1. ¹Institute of Pathology, Charité – Universitätsmedizin, Berlin, Germany
2. ²Therapeutic Area Oncology, Nycomed GmbH, Konstanz, Germany
3. ³Department of Urology, Charité – Universitätsmedizin, Berlin, Germany
4. ⁴Institute of Surgical Pathology – University Hospital Zurich, Zurich, Switzerland

Correspondence: Professor Dr G Kristiansen, Institute of Surgical Pathology, University Hospital Zurich (USZ), Schmelzbergstr. 12, Zurich 8091, Switzerland. E-mail: glen.kristiansen@usz.ch

Received 16 October 2007; Revised 18 December 2007; Accepted 19 December 2007; Published online 22 January 2008.

Abstract

High activity of histone deacetylases (HDACs) causes epigenetic alterations associated with malignant cell behaviour. Consequently, HDAC inhibitors have entered late-phase clinical trials as new antineoplastic drugs. However, little is known about expression and function of specific HDAC isoforms in human tumours including prostate cancer.
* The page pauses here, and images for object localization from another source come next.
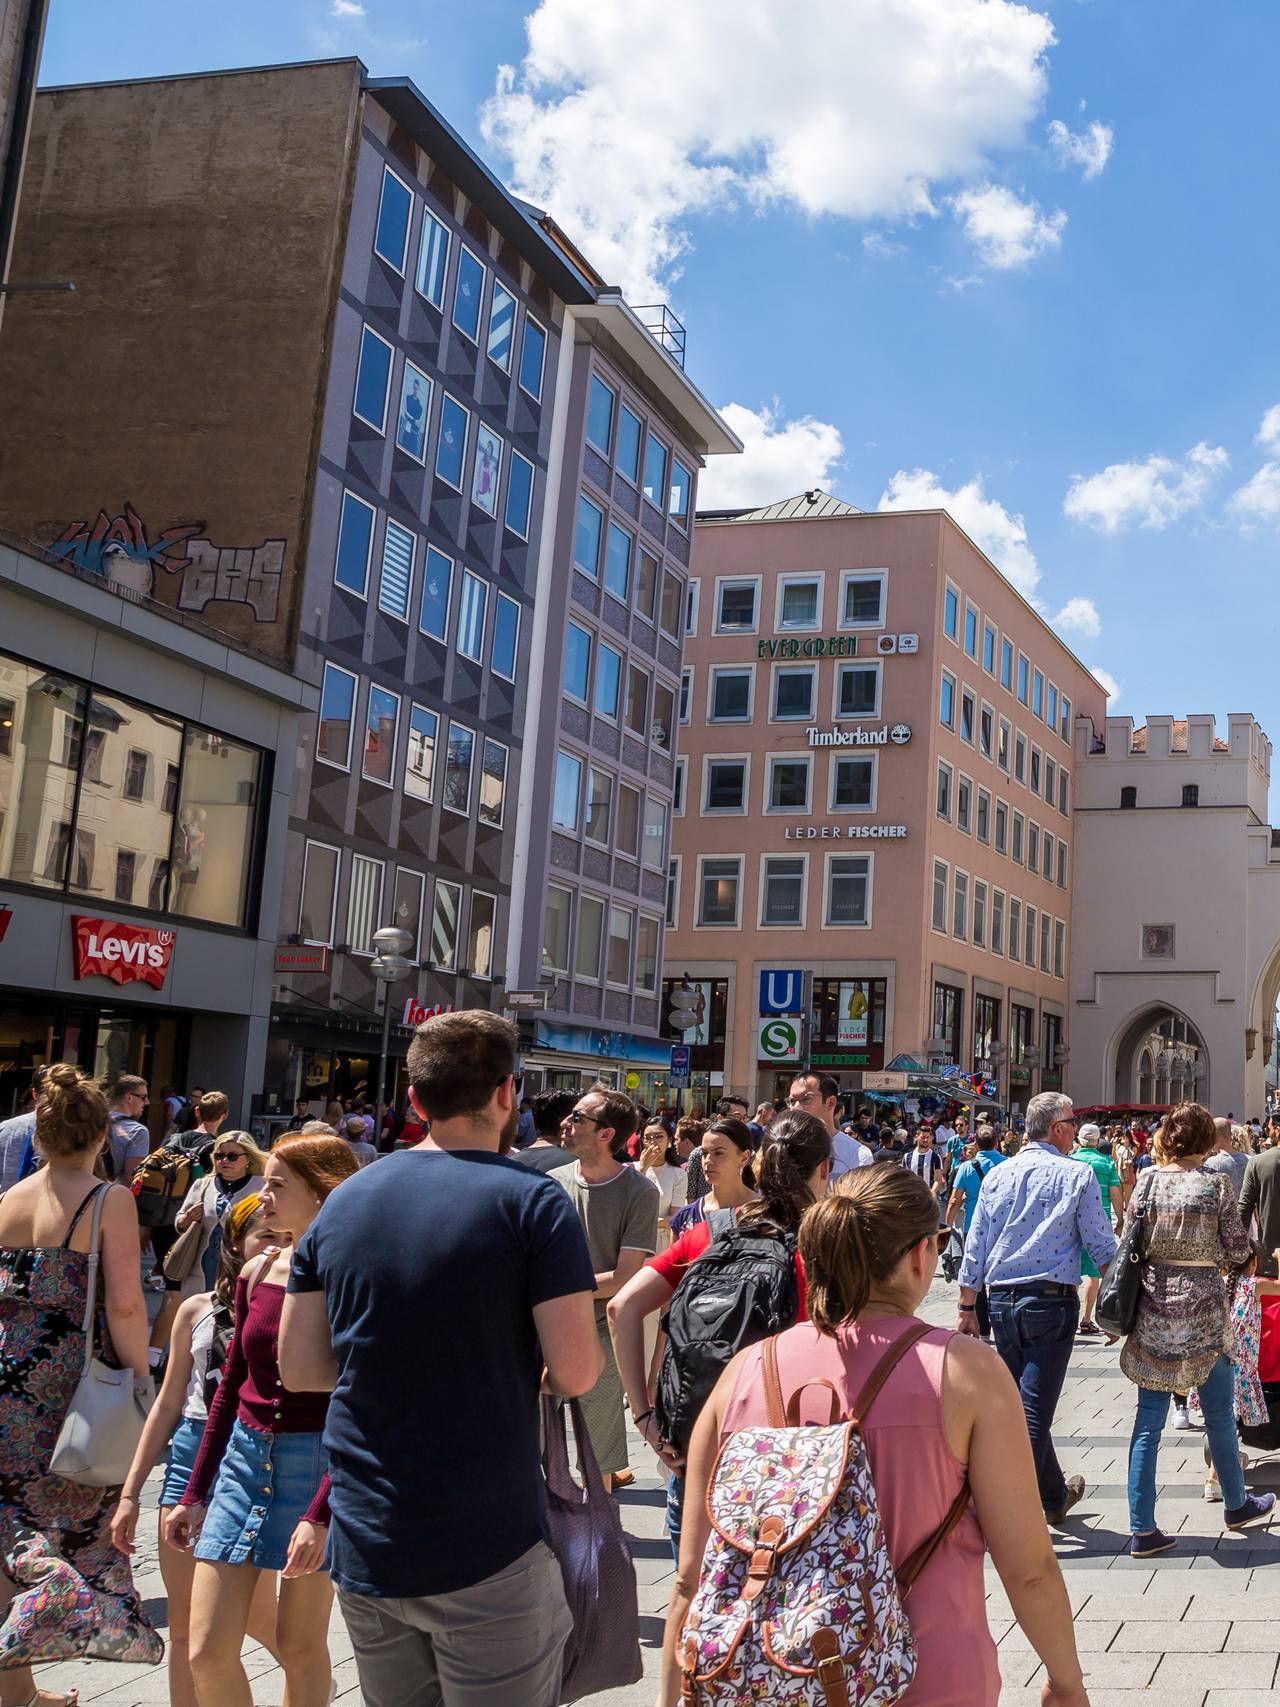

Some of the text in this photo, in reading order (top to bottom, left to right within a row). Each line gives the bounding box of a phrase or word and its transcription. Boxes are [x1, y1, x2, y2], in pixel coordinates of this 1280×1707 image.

[757, 635, 858, 659] EVERGREEN
[806, 724, 888, 746] Timberland
[784, 825, 907, 839] LEDER FISCHER
[767, 972, 794, 1009] U
[767, 1024, 790, 1054] S
[672, 1067, 687, 1076] TAXI
We investigated the expression of class I HDACs in 192 prostate carcinomas by immunohistochemistry and correlated our findings to clinicopathological parameters including follow-up data. Class I HDAC isoforms were strongly expressed in the majority of the cases (HDAC1: 69.8%, HDAC2: 74%, HDAC3: 94.8%). High rates of HDAC1 and HDAC2 expression were significantly associated with tumour dedifferentiation. Strong expression of all HDACs was accompanied by enhanced tumour cell proliferation. In addition, HDAC2 was an independent prognostic marker in our prostate cancer cohort. In conclusion, we showed that the known effects of HDACs on differentiation and proliferation of cancer cells observed in vitro can also be confirmed in vivo. The class I HDAC isoforms 1, 2 and 3 are differentially expressed in prostate cancer, which might be important for upcoming studies on HDAC inhibitors in this tumour entity. Also, the highly significant prognostic value of HDAC2 clearly deserves further study.